> _TASK TO CARRY OUT_:
Copy the records exactly. Include every line.

# # # # #

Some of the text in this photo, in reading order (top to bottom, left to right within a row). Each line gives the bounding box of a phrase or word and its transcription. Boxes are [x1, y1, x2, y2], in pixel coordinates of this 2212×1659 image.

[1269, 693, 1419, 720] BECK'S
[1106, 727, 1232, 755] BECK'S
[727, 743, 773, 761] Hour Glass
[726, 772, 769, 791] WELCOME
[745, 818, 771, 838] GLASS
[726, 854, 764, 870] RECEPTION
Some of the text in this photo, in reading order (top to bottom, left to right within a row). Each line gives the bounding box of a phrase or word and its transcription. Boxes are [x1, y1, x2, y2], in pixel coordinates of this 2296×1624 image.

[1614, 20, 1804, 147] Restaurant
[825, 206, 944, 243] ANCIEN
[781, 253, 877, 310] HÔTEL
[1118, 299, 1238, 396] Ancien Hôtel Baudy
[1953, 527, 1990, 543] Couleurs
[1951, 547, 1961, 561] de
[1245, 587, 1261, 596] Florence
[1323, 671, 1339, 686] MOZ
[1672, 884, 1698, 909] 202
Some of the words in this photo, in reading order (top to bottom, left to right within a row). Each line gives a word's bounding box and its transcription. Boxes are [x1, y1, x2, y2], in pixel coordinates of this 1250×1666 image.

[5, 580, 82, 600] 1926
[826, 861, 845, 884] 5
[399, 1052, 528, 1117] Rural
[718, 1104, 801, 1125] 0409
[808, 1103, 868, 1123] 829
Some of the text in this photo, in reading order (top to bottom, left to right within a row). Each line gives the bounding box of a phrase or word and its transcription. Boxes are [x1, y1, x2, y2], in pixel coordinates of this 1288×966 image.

# # # # #

> _ANSWER SECTION_:
Some of the text in this photo, in reading order (top to bottom, left to right within a row). Each line gives the bounding box of a phrase or word and its transcription. Boxes are [x1, y1, x2, y2], in pixel coordinates of this 2212×1659 image.

[1269, 693, 1419, 720] BECK'S
[1106, 727, 1232, 755] BECK'S
[727, 743, 773, 761] Hour Glass
[726, 772, 769, 791] WELCOME
[745, 818, 771, 838] GLASS
[726, 854, 764, 870] RECEPTION
Some of the text in this photo, in reading order (top to bottom, left to right within a row). Each line gives the bounding box of a phrase or word and its transcription. Boxes are [x1, y1, x2, y2], in pixel coordinates of this 2296×1624 image.

[1614, 20, 1804, 147] Restaurant
[825, 206, 944, 243] ANCIEN
[781, 253, 877, 310] HÔTEL
[1118, 299, 1238, 396] Ancien Hôtel Baudy
[1953, 527, 1990, 543] Couleurs
[1951, 547, 1961, 561] de
[1245, 587, 1261, 596] Florence
[1323, 671, 1339, 686] MOZ
[1672, 884, 1698, 909] 202
Some of the words in this photo, in reading order (top to bottom, left to right within a row). Each line gives a word's bounding box and its transcription. Boxes are [x1, y1, x2, y2], in pixel coordinates of this 1250×1666 image.

[5, 580, 82, 600] 1926
[826, 861, 845, 884] 5
[399, 1052, 528, 1117] Rural
[718, 1104, 801, 1125] 0409
[808, 1103, 868, 1123] 829
Some of the text in this photo, in reading order (top to bottom, left to right within a row). Each line gives the bounding box of a phrase or word and its transcription. Boxes are [x1, y1, x2, y2], in pixel coordinates of this 1288×966 image.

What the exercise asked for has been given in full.